### What to do
Please reproduce the entries that follow, keeping each word intact.

Data entries:
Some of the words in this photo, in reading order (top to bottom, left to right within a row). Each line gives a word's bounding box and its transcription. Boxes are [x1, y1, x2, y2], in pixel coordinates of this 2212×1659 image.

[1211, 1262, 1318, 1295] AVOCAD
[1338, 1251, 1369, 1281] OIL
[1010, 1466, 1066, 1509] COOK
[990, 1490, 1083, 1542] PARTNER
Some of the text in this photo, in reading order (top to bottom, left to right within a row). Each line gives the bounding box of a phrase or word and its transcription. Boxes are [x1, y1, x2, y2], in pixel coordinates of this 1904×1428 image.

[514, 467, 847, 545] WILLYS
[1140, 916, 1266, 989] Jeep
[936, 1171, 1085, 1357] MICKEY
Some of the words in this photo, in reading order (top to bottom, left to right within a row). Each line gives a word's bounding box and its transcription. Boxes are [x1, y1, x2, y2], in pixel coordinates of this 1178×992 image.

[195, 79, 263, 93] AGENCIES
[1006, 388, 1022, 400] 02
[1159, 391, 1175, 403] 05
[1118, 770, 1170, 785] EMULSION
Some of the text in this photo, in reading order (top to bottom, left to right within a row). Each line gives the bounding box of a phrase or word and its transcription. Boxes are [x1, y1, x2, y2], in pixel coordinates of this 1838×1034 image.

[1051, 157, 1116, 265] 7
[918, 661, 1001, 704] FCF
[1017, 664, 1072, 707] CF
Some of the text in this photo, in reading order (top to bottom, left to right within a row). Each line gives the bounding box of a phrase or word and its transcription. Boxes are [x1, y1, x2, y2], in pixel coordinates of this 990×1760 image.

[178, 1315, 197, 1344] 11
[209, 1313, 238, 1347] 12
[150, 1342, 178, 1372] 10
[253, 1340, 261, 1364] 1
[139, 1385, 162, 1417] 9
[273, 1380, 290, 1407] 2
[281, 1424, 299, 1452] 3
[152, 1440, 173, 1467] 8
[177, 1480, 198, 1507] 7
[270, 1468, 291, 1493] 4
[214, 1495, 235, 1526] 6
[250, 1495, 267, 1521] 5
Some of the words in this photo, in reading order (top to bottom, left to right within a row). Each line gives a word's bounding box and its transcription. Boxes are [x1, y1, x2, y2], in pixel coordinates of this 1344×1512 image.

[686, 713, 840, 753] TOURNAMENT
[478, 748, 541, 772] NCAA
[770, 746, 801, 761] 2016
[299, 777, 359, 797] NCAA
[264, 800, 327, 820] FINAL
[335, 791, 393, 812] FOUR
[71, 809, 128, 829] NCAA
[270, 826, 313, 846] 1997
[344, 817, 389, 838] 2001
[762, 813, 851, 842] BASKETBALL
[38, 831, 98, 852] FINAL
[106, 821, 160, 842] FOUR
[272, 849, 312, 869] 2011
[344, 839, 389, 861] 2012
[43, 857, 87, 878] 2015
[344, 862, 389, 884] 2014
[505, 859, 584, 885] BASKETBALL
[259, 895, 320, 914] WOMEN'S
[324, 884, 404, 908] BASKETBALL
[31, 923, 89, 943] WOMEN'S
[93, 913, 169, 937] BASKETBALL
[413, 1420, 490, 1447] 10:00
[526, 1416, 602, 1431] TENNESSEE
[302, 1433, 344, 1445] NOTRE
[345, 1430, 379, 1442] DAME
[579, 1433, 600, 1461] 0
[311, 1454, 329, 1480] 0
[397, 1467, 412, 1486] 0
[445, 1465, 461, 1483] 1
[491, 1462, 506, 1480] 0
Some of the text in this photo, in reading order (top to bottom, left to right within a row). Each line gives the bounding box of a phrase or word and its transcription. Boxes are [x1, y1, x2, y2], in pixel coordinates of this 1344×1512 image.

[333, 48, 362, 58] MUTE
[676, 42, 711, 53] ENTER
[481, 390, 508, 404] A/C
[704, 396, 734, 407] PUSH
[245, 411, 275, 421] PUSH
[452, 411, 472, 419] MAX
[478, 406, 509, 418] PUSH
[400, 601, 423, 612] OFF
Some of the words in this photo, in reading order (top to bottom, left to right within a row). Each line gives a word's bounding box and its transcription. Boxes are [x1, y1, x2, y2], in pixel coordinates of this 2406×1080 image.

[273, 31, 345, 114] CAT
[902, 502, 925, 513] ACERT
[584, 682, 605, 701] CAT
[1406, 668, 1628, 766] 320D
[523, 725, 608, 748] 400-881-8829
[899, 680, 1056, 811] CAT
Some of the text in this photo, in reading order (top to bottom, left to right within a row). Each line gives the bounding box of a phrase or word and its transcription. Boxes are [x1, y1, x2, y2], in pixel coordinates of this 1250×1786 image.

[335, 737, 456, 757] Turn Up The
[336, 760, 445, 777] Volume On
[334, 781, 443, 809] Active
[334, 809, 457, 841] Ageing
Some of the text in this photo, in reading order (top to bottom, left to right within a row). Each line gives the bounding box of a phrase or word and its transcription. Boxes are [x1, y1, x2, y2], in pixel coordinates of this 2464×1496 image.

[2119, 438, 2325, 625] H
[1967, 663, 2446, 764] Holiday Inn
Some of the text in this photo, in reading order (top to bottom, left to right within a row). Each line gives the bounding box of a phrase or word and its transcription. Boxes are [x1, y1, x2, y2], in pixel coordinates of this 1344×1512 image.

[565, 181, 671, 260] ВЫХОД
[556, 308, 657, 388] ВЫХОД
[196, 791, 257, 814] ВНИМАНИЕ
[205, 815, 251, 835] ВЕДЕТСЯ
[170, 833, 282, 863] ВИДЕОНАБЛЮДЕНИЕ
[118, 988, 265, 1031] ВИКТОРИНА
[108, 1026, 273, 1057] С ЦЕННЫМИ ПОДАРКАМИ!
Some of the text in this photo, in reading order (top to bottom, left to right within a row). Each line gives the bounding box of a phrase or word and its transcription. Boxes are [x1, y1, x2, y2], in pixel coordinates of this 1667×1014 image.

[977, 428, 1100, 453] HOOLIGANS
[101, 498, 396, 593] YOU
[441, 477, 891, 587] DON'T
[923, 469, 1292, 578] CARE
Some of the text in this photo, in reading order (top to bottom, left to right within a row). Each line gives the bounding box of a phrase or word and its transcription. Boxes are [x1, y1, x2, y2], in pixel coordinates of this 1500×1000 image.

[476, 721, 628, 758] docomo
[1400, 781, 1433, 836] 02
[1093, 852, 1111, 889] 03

### Solution to the exercise
Some of the words in this photo, in reading order (top to bottom, left to right within a row). Each line gives a word's bounding box and its transcription. Boxes are [x1, y1, x2, y2], in pixel coordinates of this 2212×1659 image.

[1211, 1262, 1318, 1295] AVOCAD
[1338, 1251, 1369, 1281] OIL
[1010, 1466, 1066, 1509] COOK
[990, 1490, 1083, 1542] PARTNER
Some of the text in this photo, in reading order (top to bottom, left to right within a row). Each line gives the bounding box of a phrase or word and its transcription. Boxes are [x1, y1, x2, y2], in pixel coordinates of this 1904×1428 image.

[514, 467, 847, 545] WILLYS
[1140, 916, 1266, 989] Jeep
[936, 1171, 1085, 1357] MICKEY
Some of the words in this photo, in reading order (top to bottom, left to right within a row). Each line gives a word's bounding box and its transcription. Boxes are [x1, y1, x2, y2], in pixel coordinates of this 1178×992 image.

[195, 79, 263, 93] AGENCIES
[1006, 388, 1022, 400] 02
[1159, 391, 1175, 403] 05
[1118, 770, 1170, 785] EMULSION
Some of the text in this photo, in reading order (top to bottom, left to right within a row). Each line gives the bounding box of a phrase or word and its transcription. Boxes are [x1, y1, x2, y2], in pixel coordinates of this 1838×1034 image.

[1051, 157, 1116, 265] 7
[918, 661, 1001, 704] FCF
[1017, 664, 1072, 707] CF
Some of the text in this photo, in reading order (top to bottom, left to right within a row). Each line gives the bounding box of a phrase or word and its transcription. Boxes are [x1, y1, x2, y2], in pixel coordinates of this 990×1760 image.

[178, 1315, 197, 1344] 11
[209, 1313, 238, 1347] 12
[150, 1342, 178, 1372] 10
[253, 1340, 261, 1364] 1
[139, 1385, 162, 1417] 9
[273, 1380, 290, 1407] 2
[281, 1424, 299, 1452] 3
[152, 1440, 173, 1467] 8
[177, 1480, 198, 1507] 7
[270, 1468, 291, 1493] 4
[214, 1495, 235, 1526] 6
[250, 1495, 267, 1521] 5
Some of the words in this photo, in reading order (top to bottom, left to right within a row). Each line gives a word's bounding box and its transcription. Boxes are [x1, y1, x2, y2], in pixel coordinates of this 1344×1512 image.

[686, 713, 840, 753] TOURNAMENT
[478, 748, 541, 772] NCAA
[770, 746, 801, 761] 2016
[299, 777, 359, 797] NCAA
[264, 800, 327, 820] FINAL
[335, 791, 393, 812] FOUR
[71, 809, 128, 829] NCAA
[270, 826, 313, 846] 1997
[344, 817, 389, 838] 2001
[762, 813, 851, 842] BASKETBALL
[38, 831, 98, 852] FINAL
[106, 821, 160, 842] FOUR
[272, 849, 312, 869] 2011
[344, 839, 389, 861] 2012
[43, 857, 87, 878] 2015
[344, 862, 389, 884] 2014
[505, 859, 584, 885] BASKETBALL
[259, 895, 320, 914] WOMEN'S
[324, 884, 404, 908] BASKETBALL
[31, 923, 89, 943] WOMEN'S
[93, 913, 169, 937] BASKETBALL
[413, 1420, 490, 1447] 10:00
[526, 1416, 602, 1431] TENNESSEE
[302, 1433, 344, 1445] NOTRE
[345, 1430, 379, 1442] DAME
[579, 1433, 600, 1461] 0
[311, 1454, 329, 1480] 0
[397, 1467, 412, 1486] 0
[445, 1465, 461, 1483] 1
[491, 1462, 506, 1480] 0
Some of the text in this photo, in reading order (top to bottom, left to right within a row). Each line gives the bounding box of a phrase or word and its transcription. Boxes are [x1, y1, x2, y2], in pixel coordinates of this 1344×1512 image.

[333, 48, 362, 58] MUTE
[676, 42, 711, 53] ENTER
[481, 390, 508, 404] A/C
[704, 396, 734, 407] PUSH
[245, 411, 275, 421] PUSH
[452, 411, 472, 419] MAX
[478, 406, 509, 418] PUSH
[400, 601, 423, 612] OFF
Some of the words in this photo, in reading order (top to bottom, left to right within a row). Each line gives a word's bounding box and its transcription. Boxes are [x1, y1, x2, y2], in pixel coordinates of this 2406×1080 image.

[273, 31, 345, 114] CAT
[902, 502, 925, 513] ACERT
[584, 682, 605, 701] CAT
[1406, 668, 1628, 766] 320D
[523, 725, 608, 748] 400-881-8829
[899, 680, 1056, 811] CAT
Some of the text in this photo, in reading order (top to bottom, left to right within a row). Each line gives the bounding box of a phrase or word and its transcription. Boxes are [x1, y1, x2, y2], in pixel coordinates of this 1250×1786 image.

[335, 737, 456, 757] Turn Up The
[336, 760, 445, 777] Volume On
[334, 781, 443, 809] Active
[334, 809, 457, 841] Ageing
Some of the text in this photo, in reading order (top to bottom, left to right within a row). Each line gives the bounding box of a phrase or word and its transcription. Boxes are [x1, y1, x2, y2], in pixel coordinates of this 2464×1496 image.

[2119, 438, 2325, 625] H
[1967, 663, 2446, 764] Holiday Inn
Some of the text in this photo, in reading order (top to bottom, left to right within a row). Each line gives the bounding box of a phrase or word and its transcription. Boxes are [x1, y1, x2, y2], in pixel coordinates of this 1344×1512 image.

[565, 181, 671, 260] ВЫХОД
[556, 308, 657, 388] ВЫХОД
[196, 791, 257, 814] ВНИМАНИЕ
[205, 815, 251, 835] ВЕДЕТСЯ
[170, 833, 282, 863] ВИДЕОНАБЛЮДЕНИЕ
[118, 988, 265, 1031] ВИКТОРИНА
[108, 1026, 273, 1057] С ЦЕННЫМИ ПОДАРКАМИ!
Some of the text in this photo, in reading order (top to bottom, left to right within a row). Each line gives the bounding box of a phrase or word and its transcription. Boxes are [x1, y1, x2, y2], in pixel coordinates of this 1667×1014 image.

[977, 428, 1100, 453] HOOLIGANS
[101, 498, 396, 593] YOU
[441, 477, 891, 587] DON'T
[923, 469, 1292, 578] CARE
Some of the text in this photo, in reading order (top to bottom, left to right within a row). Each line gives the bounding box of a phrase or word and its transcription. Boxes are [x1, y1, x2, y2], in pixel coordinates of this 1500×1000 image.

[476, 721, 628, 758] docomo
[1400, 781, 1433, 836] 02
[1093, 852, 1111, 889] 03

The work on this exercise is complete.